Allah SWT tidak pernah menghendaki kesulitan kepada hamba-Nya. Termasuk adanya rukhsoh dalam melakukan ajaran agama itu sendiri. Kenyataan yang ada di hadapan kita saat ini, adalah Masjid ada yang menjalankan sholat jum’at ada yang tidak, majlis ta’lim ada yang menjalankan aktifitas dengan biasa, kumpul-kumpul biasa, dan seperti tidak ada apa-apa. Yang lebih lucu adalah adanya beberapa khotib dan Imam masjid yang justru diberhentikan hanya karena mengindahkan fatwa MUI. Sangat memilukan. Semestinya dengan dikeluarkan fatwa Majelis Ulama Indonesia (MUI), ini dijadikan panduan ibadah oleh semua kalangan umat Islam, baik yang zona merah covid-19 atau yang masih aman.

Nabi SAW Bersabda,
Artinya :Rasulullahshallallahu ‘alaihiwasallam bersabda: “Tha’un (wabah penyakit menular) adalah suatu peringatan dari Allah Subhanahu Wa Ta’ala untuk menguji hamba-hamba-Nya dari kalangan manusia. Maka apabila kamu mendengar penyakit itu berjangkit di suatu negeri, janganlah kamu masuk kenegeri itu. Dan apabila wabah itu berjangkit di negeri tempat kamu berada, jangan pula kamu lari dari padanya.” (HR Bukhari dan Muslim dariUsamah bin Zaid).

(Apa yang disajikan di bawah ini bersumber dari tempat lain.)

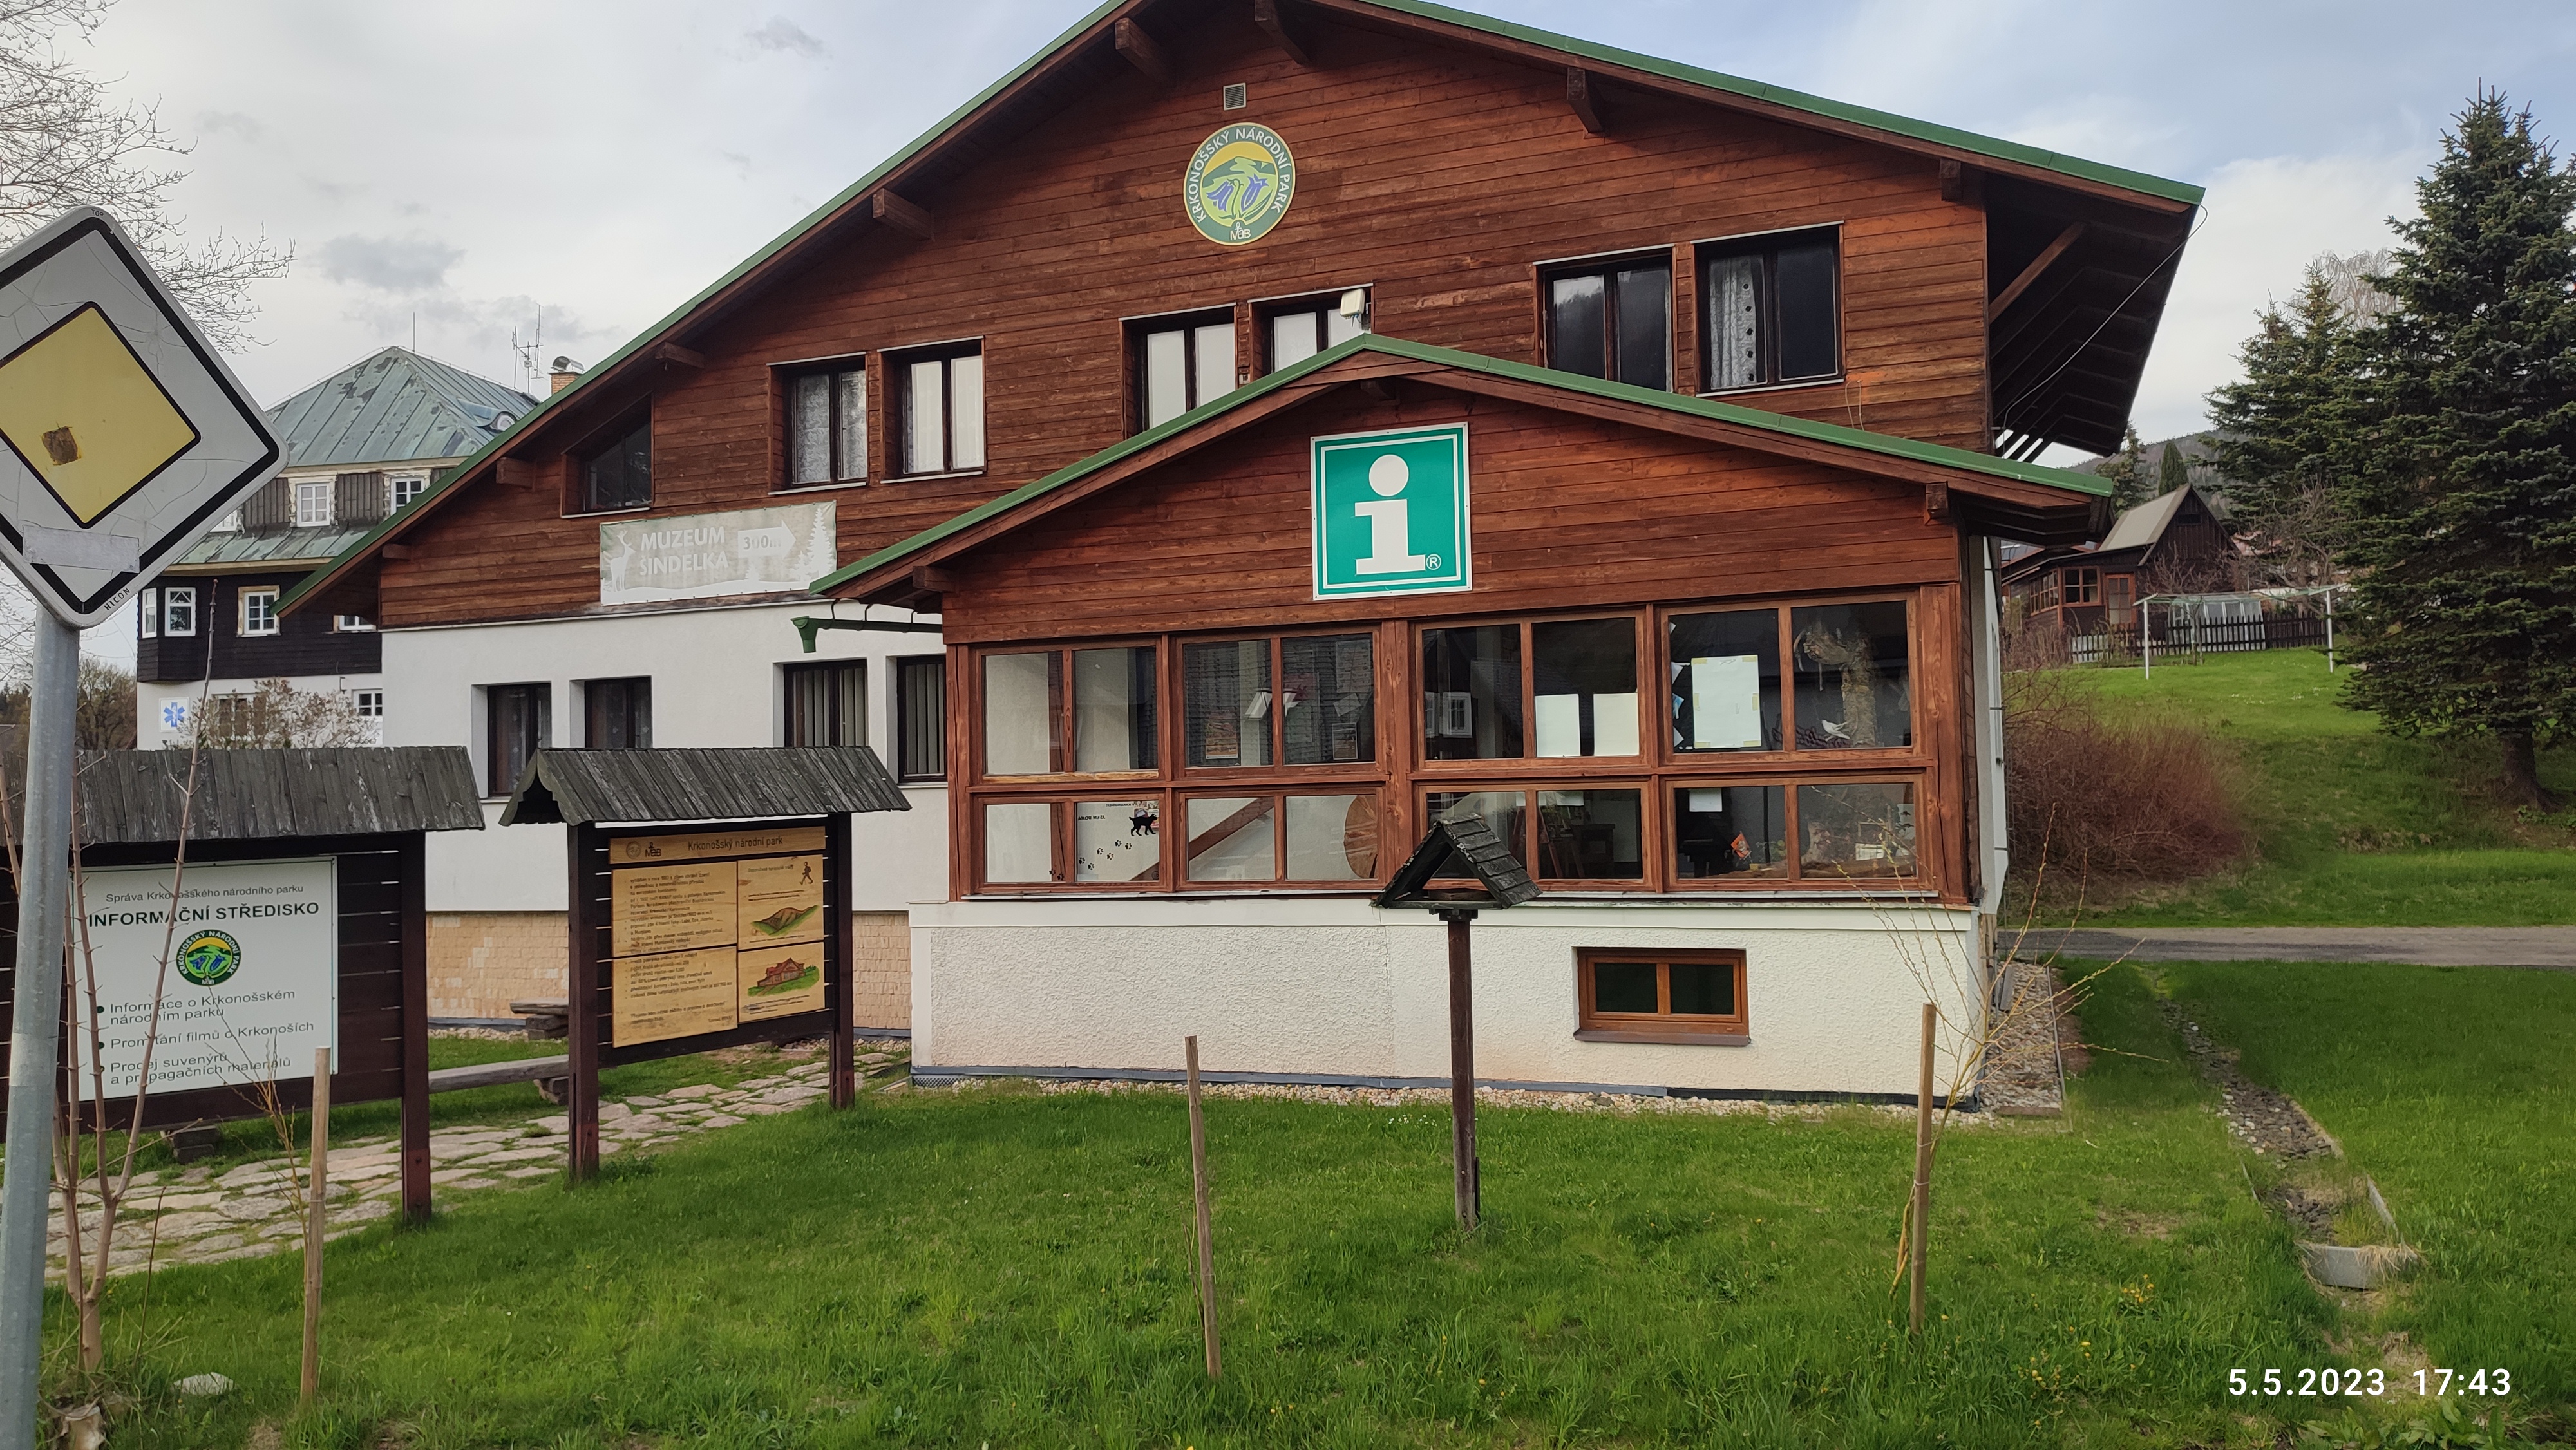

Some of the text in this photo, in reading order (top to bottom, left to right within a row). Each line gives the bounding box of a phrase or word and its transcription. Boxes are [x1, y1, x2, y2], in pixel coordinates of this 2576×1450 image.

[1188, 127, 1291, 223] KRKONOŠSKÝ NÁRODNÍ PARK
[91, 209, 104, 217] TOP
[640, 525, 725, 551] MUZEUM
[639, 551, 729, 576] ŠINDELKA
[688, 839, 733, 851] Krkonošský
[735, 837, 764, 848] národní
[766, 836, 783, 847] park
[106, 885, 304, 905] Správa Krkoošského národního parku
[216, 902, 319, 920] STŘEDISKO
[227, 956, 240, 975] PARK
[202, 991, 295, 1006] Krkonošském
[185, 1008, 224, 1022] parku
[111, 1033, 182, 1049] Promtání
[187, 1030, 220, 1042] filmů
[238, 1022, 314, 1038] Krkonoších
[163, 1052, 227, 1069] suvenýrů
[111, 1076, 120, 1085] a
[125, 1064, 223, 1086] prpagačních

Terlalu banyak contoh dari Rasulullah Shallallahu ‘alaihi wa sallam sendiri sebagai teladan kita selalu mengambil dan mengamalkan sesuatu yang paling mudah.
Jadi ternyata sikap merasa tidak afdhol, merasa tidak sholeh, jika mengambil rukhshoh atau merasa seolah menyepelekan dan memudahkan urusan agama itu adalah anggapan yang salah. Dengan kata lain jika menganggap meninggalkan rukhshoh adalah sikap yang sangat shuooleh, sangat Khusyu’ dan Islam itu justru salah kaprah karena mengambil rukhshoh dalam ibadah itu adalah sikap yang lebih disukai Allah.
Justru adalah kesombongan jika tidak mengambil Rukhshoh yang telah disediakan oleh Allah SWT SWT. Memprihatinkan apalagi hingga ada kejadian seorang tokoh, imam dan lainnya diberhentikan hanya karena mengambil rukhsoh.
Menyikapi hal dimaksud maka yang perlu dilakukan oleh semua kalangan, terutama tokoh agama adalah menyampaikan hikmah dibalik covid-19 baik pesan moral berupa perintah sabar, syukur, ihtiar, tawakkal, terlebih penting lagi kajian-kajian yang membahas permasalahan hukum Islam termasuk bahasan rukhsoh.